The Marine Corps has never left me. I stayed in the Reserve, retiring in 1964 as a lieutenant colonel. I've helped with recruiting drives and special assignments that the Corps wanted me to carry out. I married the daughter of a retired Marine colonel. And most of all, I've kept in touch with my squadron-mates.
When I came back from Korea, I found myself dealing with the same question that every veteran asks: Why was I returning, when my buddies weren't? I wasn't that great a pilot. No one was. But God let some of us come back, and called others. The Yankees' publicity department gave me a hero's welcome, but I was uneasy about it.
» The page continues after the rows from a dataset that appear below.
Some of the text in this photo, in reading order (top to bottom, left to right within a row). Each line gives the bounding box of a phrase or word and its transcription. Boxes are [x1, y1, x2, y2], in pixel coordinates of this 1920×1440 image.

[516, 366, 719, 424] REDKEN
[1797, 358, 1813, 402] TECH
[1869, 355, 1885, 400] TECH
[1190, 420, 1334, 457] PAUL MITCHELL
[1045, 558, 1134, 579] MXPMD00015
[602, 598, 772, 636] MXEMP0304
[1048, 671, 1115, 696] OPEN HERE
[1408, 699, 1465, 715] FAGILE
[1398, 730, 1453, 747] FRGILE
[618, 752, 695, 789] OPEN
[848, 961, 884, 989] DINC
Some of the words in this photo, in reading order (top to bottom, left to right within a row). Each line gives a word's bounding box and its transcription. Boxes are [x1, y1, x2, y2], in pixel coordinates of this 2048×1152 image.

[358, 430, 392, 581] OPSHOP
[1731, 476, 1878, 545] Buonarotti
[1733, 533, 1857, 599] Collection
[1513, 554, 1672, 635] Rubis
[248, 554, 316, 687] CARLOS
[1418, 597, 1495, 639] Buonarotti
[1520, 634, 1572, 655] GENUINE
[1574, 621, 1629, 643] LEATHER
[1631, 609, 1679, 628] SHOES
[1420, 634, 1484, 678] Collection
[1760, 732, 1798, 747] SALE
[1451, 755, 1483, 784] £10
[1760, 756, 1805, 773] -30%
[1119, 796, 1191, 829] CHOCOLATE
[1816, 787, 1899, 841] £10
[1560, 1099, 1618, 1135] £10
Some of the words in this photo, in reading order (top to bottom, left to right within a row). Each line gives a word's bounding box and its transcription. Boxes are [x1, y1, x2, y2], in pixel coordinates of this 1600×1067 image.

One of my most disheartening experiences was when, just before a game at Yankee Stadium, I met the wife of Major Max Harper, a great guy who had been my tent-mate in Korea. Max had gotten hit during a raid over North Korea and went straight in. There was nothing anyone could do.
Max's wife showed up, distraught, on the morning of "Jerry Coleman Day," which the Yankees had set up to honor my military service. Mrs. Harper had been hoping that Max had been captured and might still be alive. She wanted to know whether he really had died, and said she wouldn't accept it from anyone but me. I was flying right behind Max. She was devastated when I told her he was dead.
In truth, I left a lot in Korea. I never was as good on the ballfield as I'd been before the war. I'd lost my depth perception, and I couldn't hit anything. A year after I returned home, I broke my collar bone in Yankee Stadium. During my final two years with the team I had to play part-time.
But overall, my career has been a rewarding one. All told, I spent nine years with the Yankees and did a year as manager of the San Diego Padres. Then, too old to play baseball anymore, I became a sportscaster—first for the Yankees and later for the Padres. In 2005 I was elected to the broadcasters' wing of the Baseball Hall of Fame.
I still look back at my military service as the most important thing I've ever done. Sure, it's a thrill to be part of a championship baseball team, and it's heady to be a recognized broadcaster. But serving in the military—particularly in the Marines, if you'll forgive a little partisanship—trumps all that in a flash. The Yankees are up there, but not as high.
Training and going into combat with people imbues you with a sense of loyalty that makes you put your responsibility to your comrades ahead of everything else—not only while you're in uniform, but for the rest of your life. The friends I made in the Corps have been like brothers all these many years—and they'll remain so for life.
My years on active duty left me with a heightened sense of perspective—about life, about my career, and about the preciousness of life itself. The memories of the guys I flew with in World War II and in Korea have never faded, and neither has my pride in the Corps. I was lucky to get home alive. And I was lucky to have been a Marine.